Forum Moderators: DixonJones
For some odd reason this month the stats appeared to be wildly fluctuating by up to 50% for several days which immediately put me into a panic mode that maybe my SE rankings were fluctuating as well.
OK, so I wipe the sweat off my brow and check Google Analytics which showed no change, everything was status quo, but always slightly lower since Google only counts browsers with javascript enabled so web spiders and disabled javascript don't show up in GA.
Now concerned that maybe my analytics script was crashing or something during processing, I decided to manually analyze my daily log files and get a raw number of actual IPs in the file.

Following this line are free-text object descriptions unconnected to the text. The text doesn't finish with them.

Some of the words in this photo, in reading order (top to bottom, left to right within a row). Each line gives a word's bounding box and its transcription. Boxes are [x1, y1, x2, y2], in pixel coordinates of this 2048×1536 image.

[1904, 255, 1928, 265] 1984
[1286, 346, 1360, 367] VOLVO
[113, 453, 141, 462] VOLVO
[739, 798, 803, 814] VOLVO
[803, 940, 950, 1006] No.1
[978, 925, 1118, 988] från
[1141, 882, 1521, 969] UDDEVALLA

Hopped in my stats directory on the Linux box and started checking each daily log file with the following command just to get a ballpark of total visitors looking at webpages:
grep ".html" -i access_log ¦ grep ".png" -iv ¦ grep ".txt" -iv ¦ grep ".jpg" -iv ¦ grep ".gif" -iv ¦awk '{ print $1 }' ¦ sort -n ¦ uniq ¦ wc -l
The reason for the various exclusions like 'grep ".jpg" -iv' is to eliminate the images and other files optionally being served off other servers, such as banner ads linked to my site, etc.

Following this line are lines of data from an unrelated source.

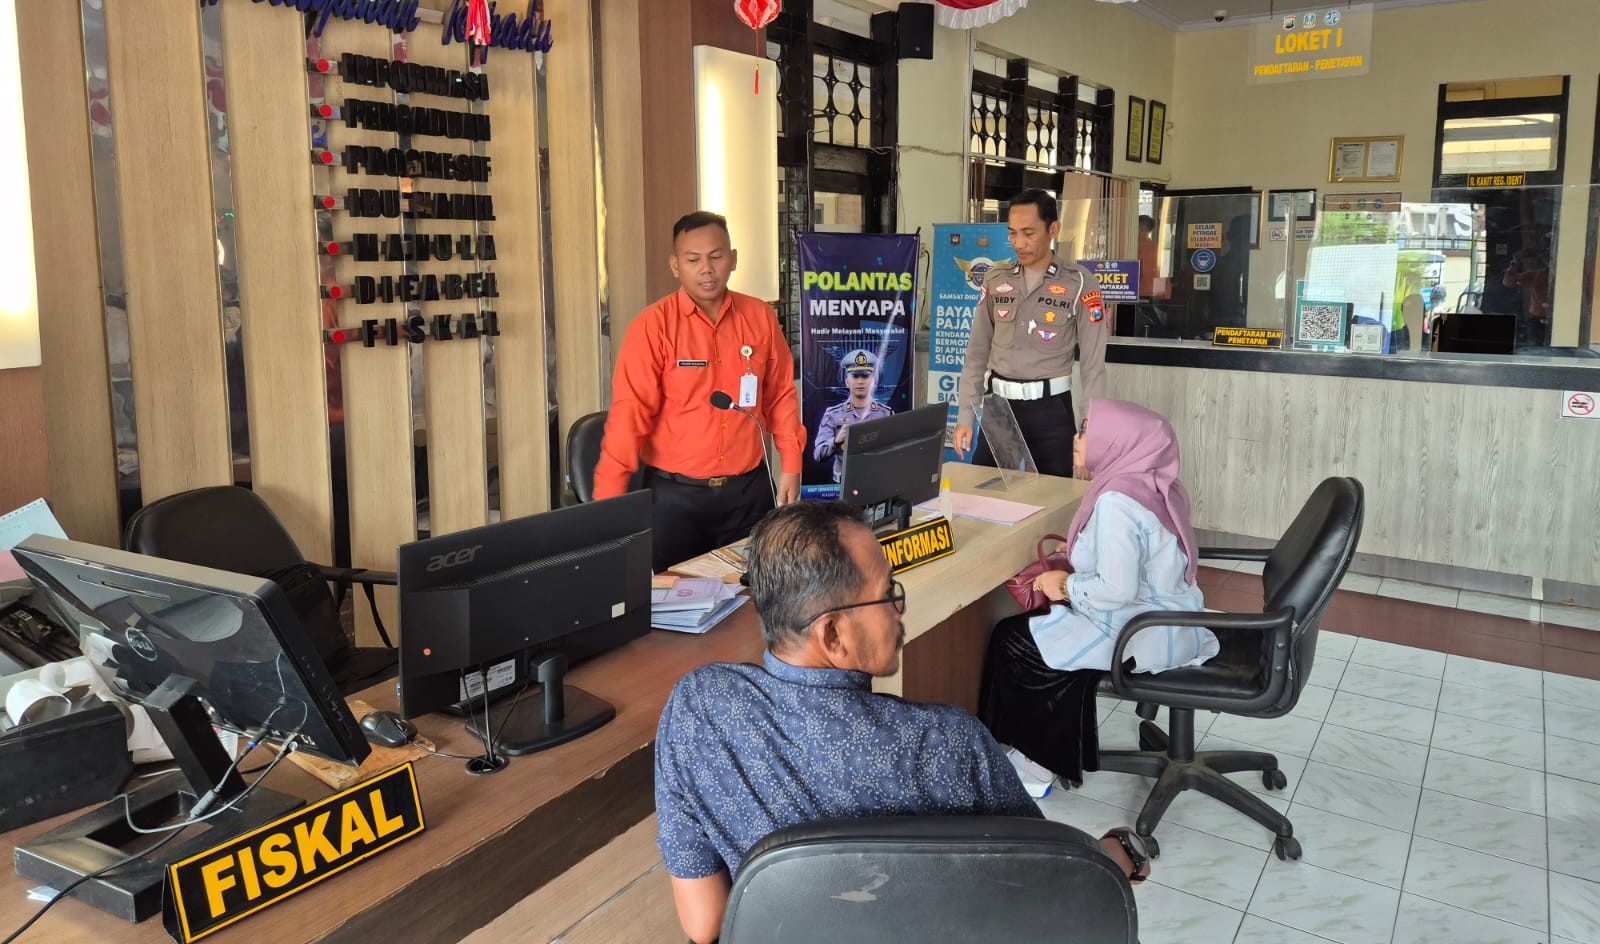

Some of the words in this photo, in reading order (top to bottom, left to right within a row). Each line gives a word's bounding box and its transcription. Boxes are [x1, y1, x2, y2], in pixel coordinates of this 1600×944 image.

[1275, 29, 1332, 54] LOKET
[1254, 61, 1309, 76] PENDAFTARAN
[1315, 55, 1363, 70] PENETAPAN
[342, 53, 490, 101] INFORMASI
[344, 98, 491, 141] PENGADUAN
[345, 145, 492, 182] PROGRESIF
[1506, 175, 1524, 186] IDENT
[347, 188, 400, 218] IBU
[403, 192, 496, 221] HAMIL
[353, 233, 497, 261] MANULA
[803, 271, 913, 291] POLANTAS
[1094, 273, 1129, 284] OKET
[809, 299, 906, 316] MENYAPA
[1038, 296, 1070, 309] POLRI
[361, 310, 501, 348] FISKAL
[935, 317, 974, 330] PAJA
[1216, 329, 1266, 338] PENDAFTARAN
[1228, 336, 1269, 345] PENETAPAN
[938, 375, 960, 392] G
[938, 392, 959, 402] BIA
[881, 524, 951, 569] INFORMASI
[426, 545, 483, 572] acer
[201, 788, 404, 919] FISKAL

Sure enough, the script cranked out a number that almost matched some of the visitor counts but the log analysis script was wildly off on other days. Then I reversed the grep to get a count of files not being served from my box and the total numbers combined still didn't make sense with the discrepancy.

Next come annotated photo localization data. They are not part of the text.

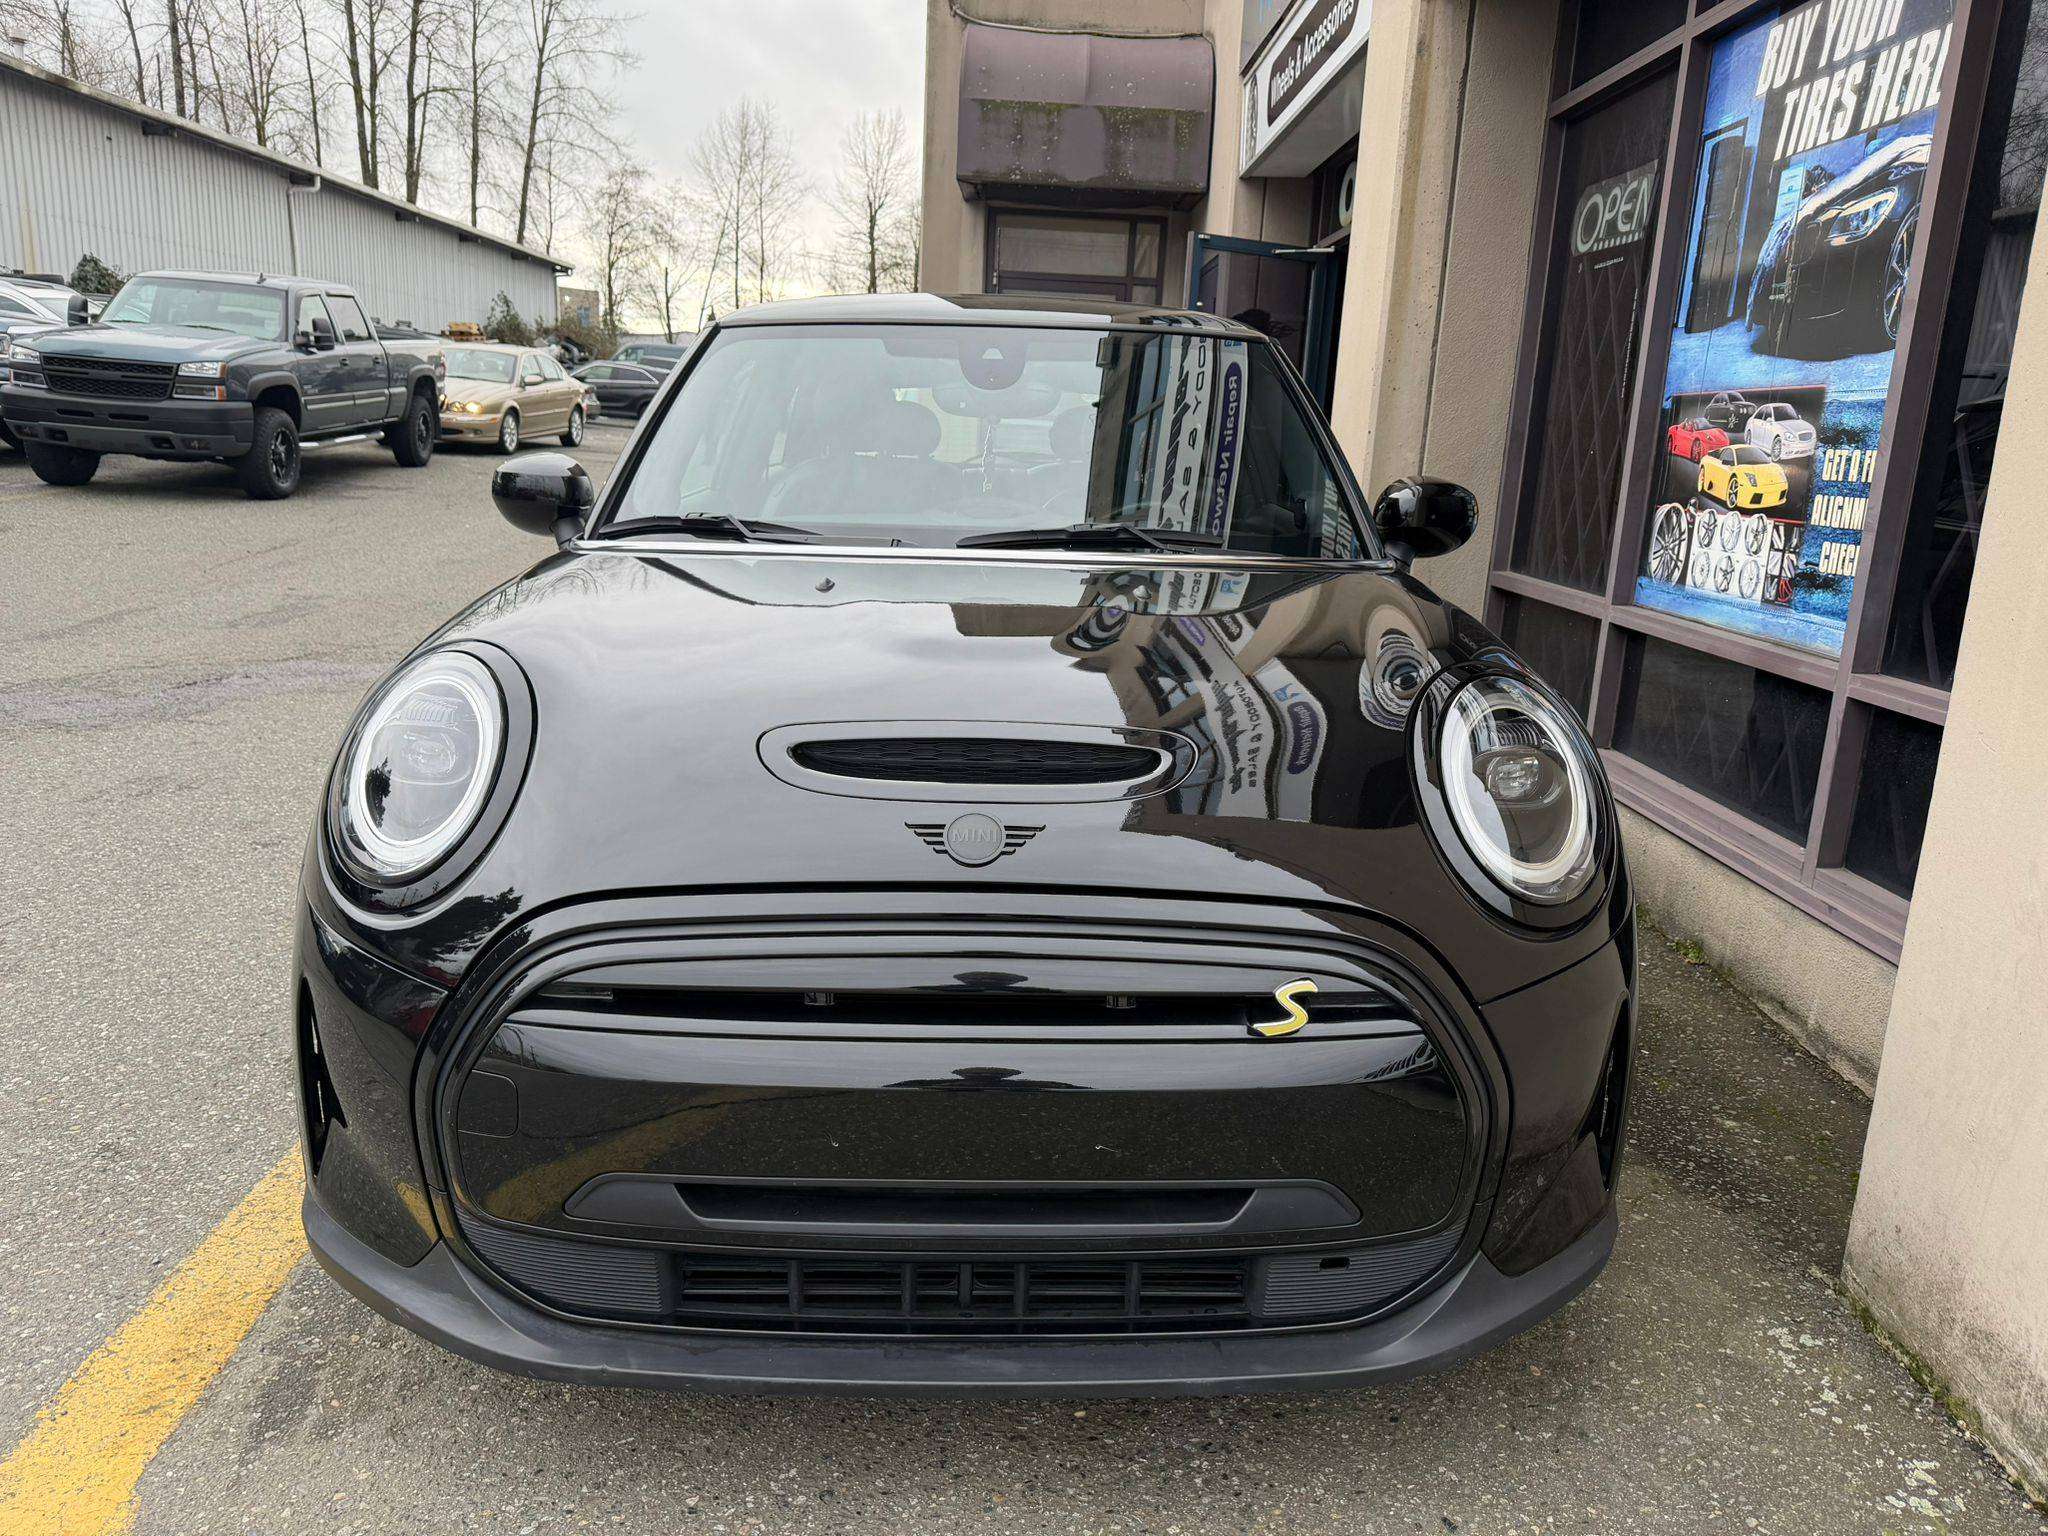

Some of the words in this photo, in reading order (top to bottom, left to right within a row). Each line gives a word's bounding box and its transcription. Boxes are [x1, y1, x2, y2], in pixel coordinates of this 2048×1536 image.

[1755, 2, 1824, 97] BUY
[1270, 56, 1295, 109] Wheels
[1773, 60, 1866, 161] TIRES
[1576, 177, 1649, 253] OPEN
[1822, 449, 1849, 481] GET
[1848, 449, 1861, 482] A
[1811, 494, 1869, 530] ALIGNM
[951, 827, 999, 842] MINI
[1252, 979, 1318, 1036] S

I'm not sure what to do at this point because it's obvious my raw log file analytics are a total lie and I'm not sure if it's just a problem with my site/server or if this software is simply buggy.
Not to panic everyone, but it's the default web analytics that's included with Plesk's control panel, so I've had quite a few years of history with this thing that now all appears to be somehow tainted.
Sigh...
Anyone else get similar discrepancies?
[edited by: incrediBILL at 11:14 pm (utc) on Mar. 21, 2008]
it's obvious my raw log file analytics are a total lie and I'm not sure if it's just a problem with my site/server or if this software is simply buggy
Webalizer builds off the CLF so it seems unlikely that your raw log is wrong or corrupt, but never say never. As far as the software, the last update was April 16, 2002 and there was a note in the fix regarding
mismatched KByte totalsso if you are running anything less than Version 2.01-10, you don't have the "latest" copy.
My local log files are just fine as I can run other tools on them that appear to crank out the correct information.
I don't think there's much more I can do considering it's integrated into Plesk without risking breaking things so I'll just find some other raw log analysis tool that appears to be more accurate and run them in tandem and see what happens.